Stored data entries
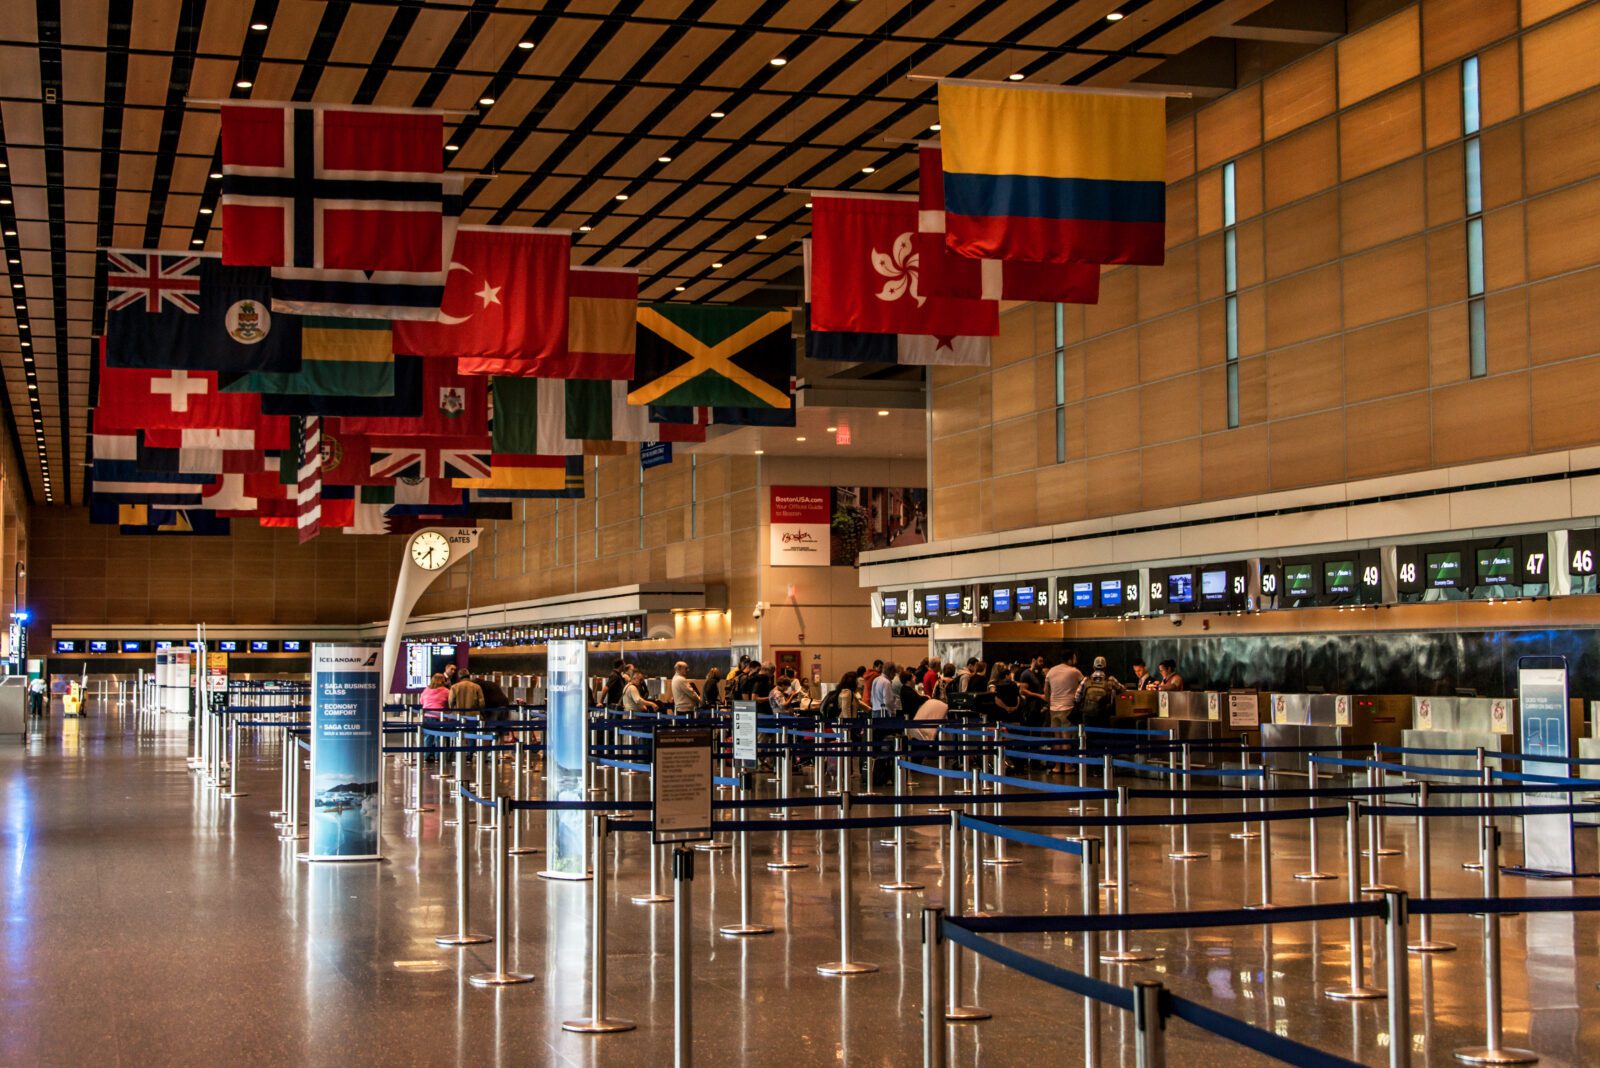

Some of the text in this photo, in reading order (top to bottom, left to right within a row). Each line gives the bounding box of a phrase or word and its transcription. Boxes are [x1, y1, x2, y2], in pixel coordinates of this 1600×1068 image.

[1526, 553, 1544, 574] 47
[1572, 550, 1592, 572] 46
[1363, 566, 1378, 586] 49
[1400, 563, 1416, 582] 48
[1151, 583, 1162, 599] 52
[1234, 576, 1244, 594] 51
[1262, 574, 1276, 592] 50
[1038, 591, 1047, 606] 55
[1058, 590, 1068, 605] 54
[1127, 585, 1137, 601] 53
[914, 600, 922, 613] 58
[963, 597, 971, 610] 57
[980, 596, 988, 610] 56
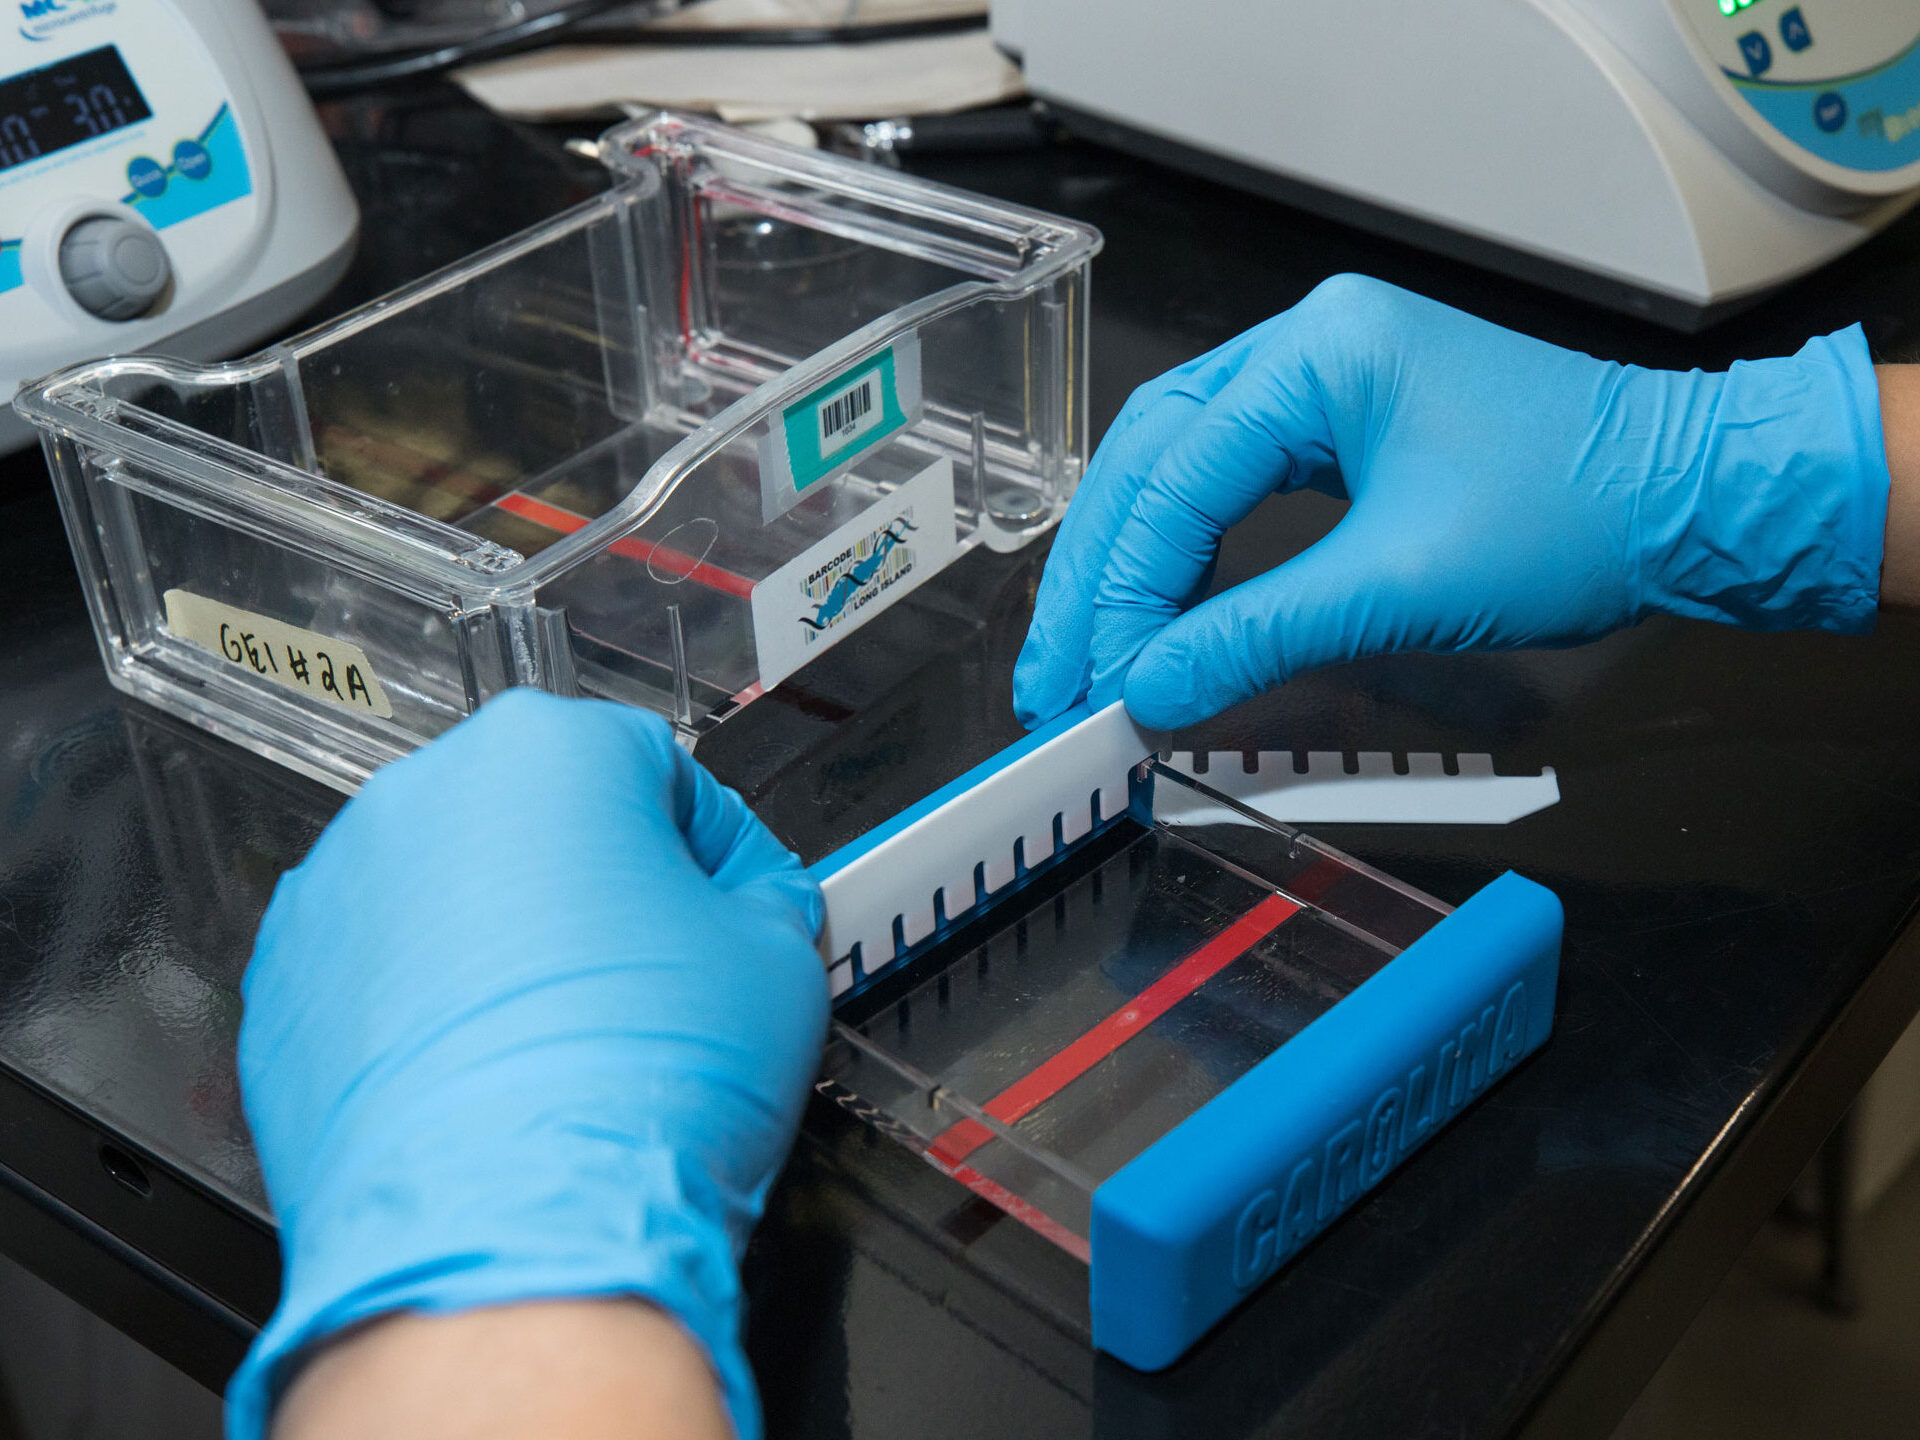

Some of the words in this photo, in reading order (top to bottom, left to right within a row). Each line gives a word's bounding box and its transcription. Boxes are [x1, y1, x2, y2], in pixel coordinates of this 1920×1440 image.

* PROBLEM *
The records above should be repeated exactly, with no pictures in the copy.

* PROBLEM SOLUTION *
Some of the text in this photo, in reading order (top to bottom, left to right within a row). Each line gives the bounding box of a phrase or word and its transcription. Boxes are [x1, y1, x2, y2], in pixel coordinates of this 1600×1068 image.

[1526, 553, 1544, 574] 47
[1572, 550, 1592, 572] 46
[1363, 566, 1378, 586] 49
[1400, 563, 1416, 582] 48
[1151, 583, 1162, 599] 52
[1234, 576, 1244, 594] 51
[1262, 574, 1276, 592] 50
[1038, 591, 1047, 606] 55
[1058, 590, 1068, 605] 54
[1127, 585, 1137, 601] 53
[914, 600, 922, 613] 58
[963, 597, 971, 610] 57
[980, 596, 988, 610] 56

Some of the words in this photo, in reading order (top to bottom, left to right within a row). Each line gives a word's bounding box and its transcription. Boxes are [x1, y1, x2, y2], in pixel coordinates of this 1920×1440 image.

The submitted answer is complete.